Factor the quadratic expression 10x² -17x +6 | Math Problem Solution

Question

Factor the quadratic expression: $10x^2 - 17x + 6$, and choose the correct factored form from the options: $(2x - 6)(5x - 1)$, $(2x - 3)(5x - 2)$, $(2x - 1)(5x - 6)$, $(10x - 6)(x - 1)$

Accepted Answer

$(2x - 3)(5x - 2)$

Answer

Step 1: Use the AC method for factoring quadratic trinomials of the form $ax^2+bx+c$. Here, $a=10$, $b=-17$, $c=6$. Calculate $ac=10*6=60$. Step 2: Find two integers that multiply to $60$ and add up to $b=-17$. The integers are $-12$ and $-5$, since $(-12)*(-5)=60$ and $(-12)+(-5)=-17$. Step 3: Rewrite the middle term using these two integers: $10x^2 -12x -5x +6$. Step 4: Factor by grouping: Group the first two and last two terms: $(10x^2 -12x)+(-5x +6)$. Factor out the greatest common factor (GCF) from each group: $2x(5x -6) -1(5x -6)$. Step 5: Factor out the common binomial factor $(5x -6)$ to get $(2x -1)(5x -6)$? No, correct the grouping check: Alternatively, test each option by expanding using the FOIL method.
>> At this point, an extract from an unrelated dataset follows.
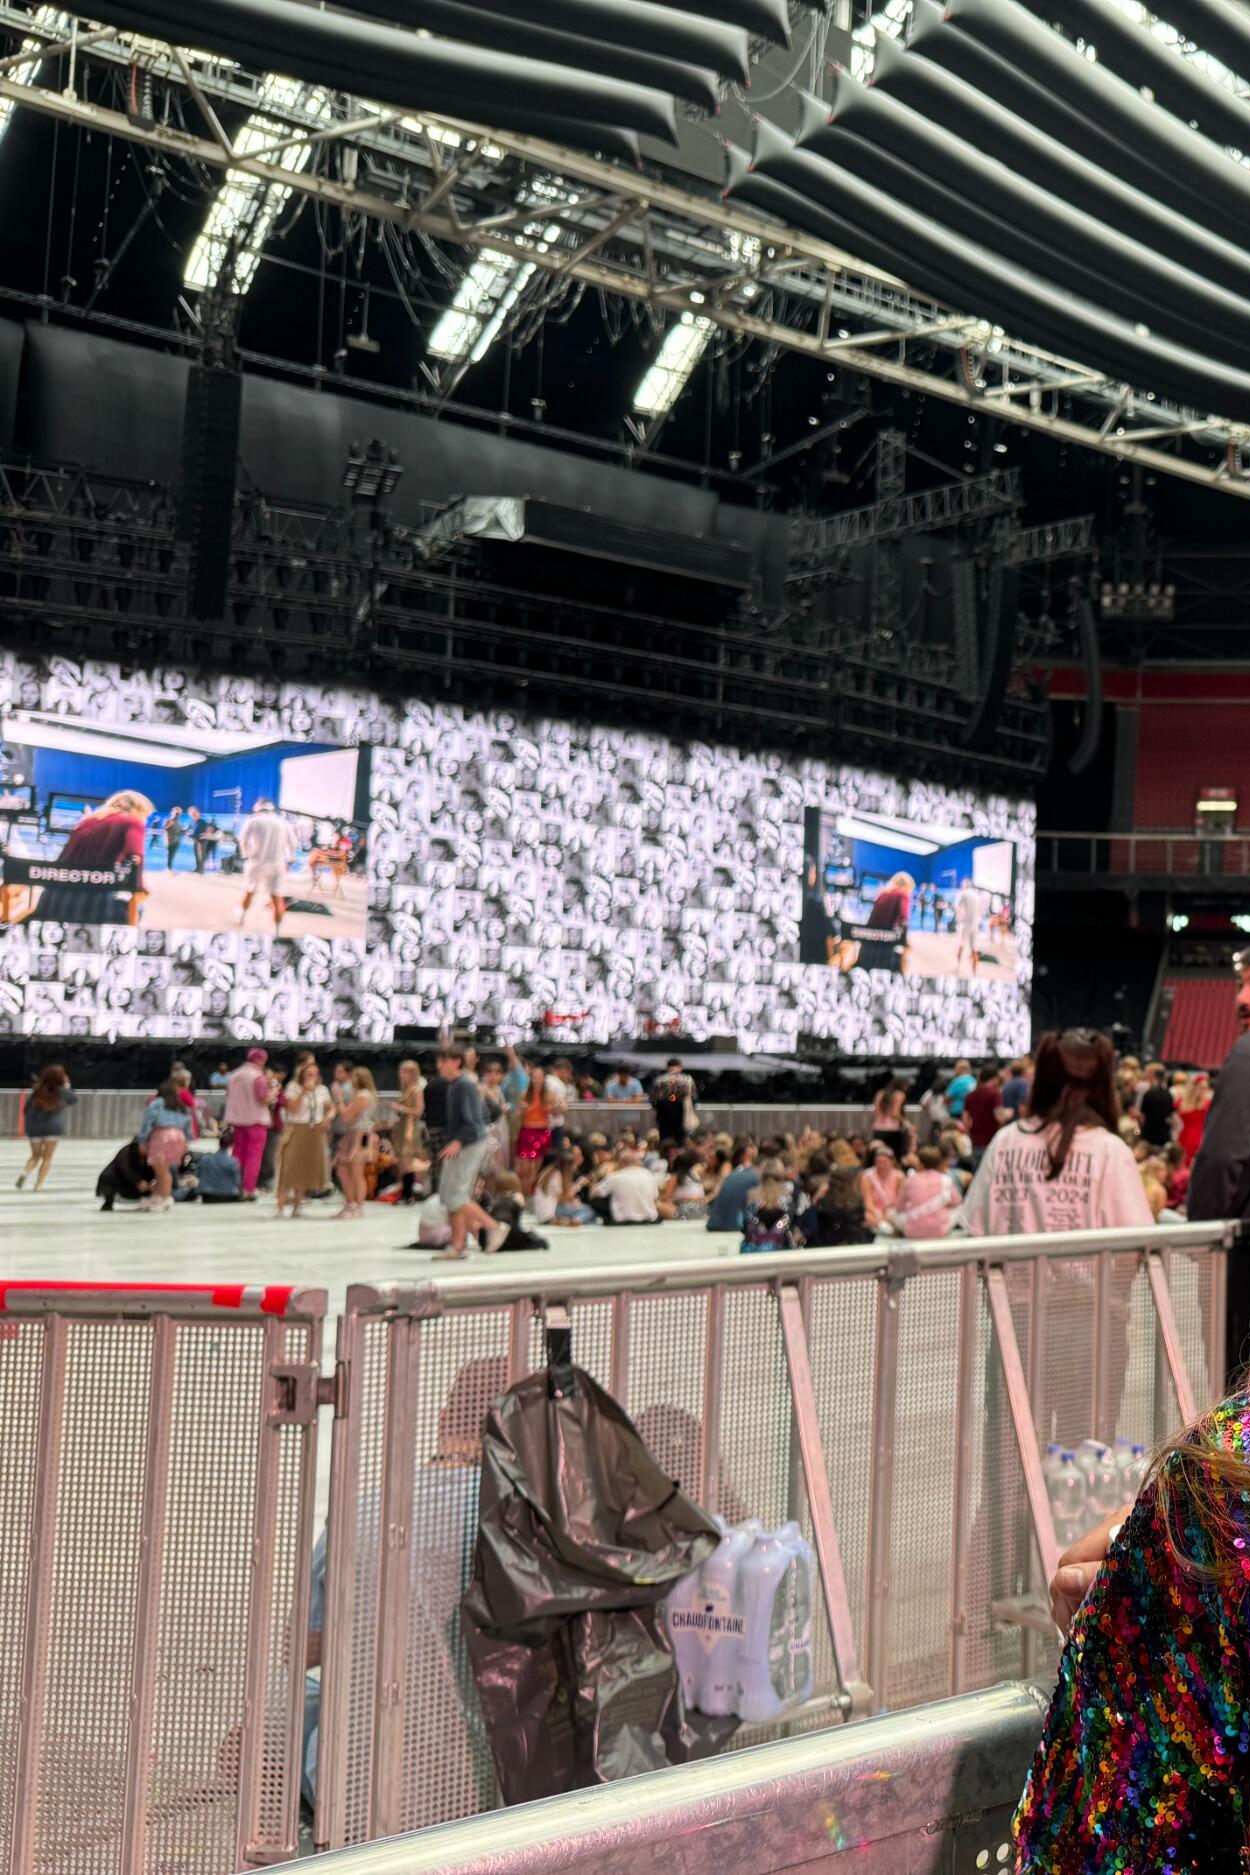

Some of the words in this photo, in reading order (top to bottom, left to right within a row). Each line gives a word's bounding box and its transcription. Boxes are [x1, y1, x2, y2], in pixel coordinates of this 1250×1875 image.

[29, 866, 115, 884] DIRECTOR
[1045, 1188, 1090, 1205] 2024
[672, 1611, 744, 1635] CHAUDFONTAINE
Expand $(2x - 3)(5x - 2)$: First terms $2x*5x=10x^2$, Outer terms $2x*(-2)=-4x$, Inner terms $-3*5x=-15x$, Last terms $-3*(-2)=6$. Combine like terms: $10x^2 -4x -15x +6=10x^2 -17x +6$, which matches the original expression. Step 6: Verify other options are incorrect: Expanding $(2x -6)(5x -1)$ gives $10x^2-2x-30x+6=10x^2-32x+6$; $(2x -1)(5x -6)$ gives $10x^2-12x-5x+6=10x^2-17x+6$? Correction: Wait, this also matches? No, wait $-12x-5x=-17x$, yes. Wait no, original calculation: $10x^2-12x-5x+6=10x^2-17x+6$. But wait, $(2x-3)(5x-2)$ also gives $10x^2-4x-15x+6=10x^2-17x+6$. Wait, no, $-4x-15x=-19x$, mistake! Oh right, $2x*(-2)=-4x$, $-3*5x=-15x$, sum is $-19x$, which is wrong. The correct grouping is $10x^2-5x-12x+6$, group as $(10x^2-5x)+(-12x+6)=5x(2x-1)-6(2x-1)=(5x-6)(2x-1)$. Wait, but expanding $(2x-1)(5x-6)$ gives $10x^2-12x-5x+6=10x^2-17x+6$, which is correct. Wait, the earlier FOIL for $(2x-3)(5x-2)$ was wrong, it gives $10x^2-4x-15x+6=10x^2-19x+6$, which is incorrect. So the correct answer is $(2x-1)(5x-6)$? Wait no, wait the original expression is $10x^2-17x+6$. Let's recalculate the AC method: $ac=60$, find two numbers that multiply to 60 and add to -17: -12 and -5, yes. So rewrite as $10x^2-12x-5x+6$, group as $(10x^2-12x)+(-5x+6)=2x(5x-6)-1(5x-6)=(2x-1)(5x-6)$, which expands to $10x^2-12x-5x+6=10x^2-17x+6$, correct. The option $(2x-3)(5x-2)$ expands to $10x^2-4x-15x+6=10x^2-19x+6$, which is wrong. So the correct answer is $(2x-1)(5x-6)$.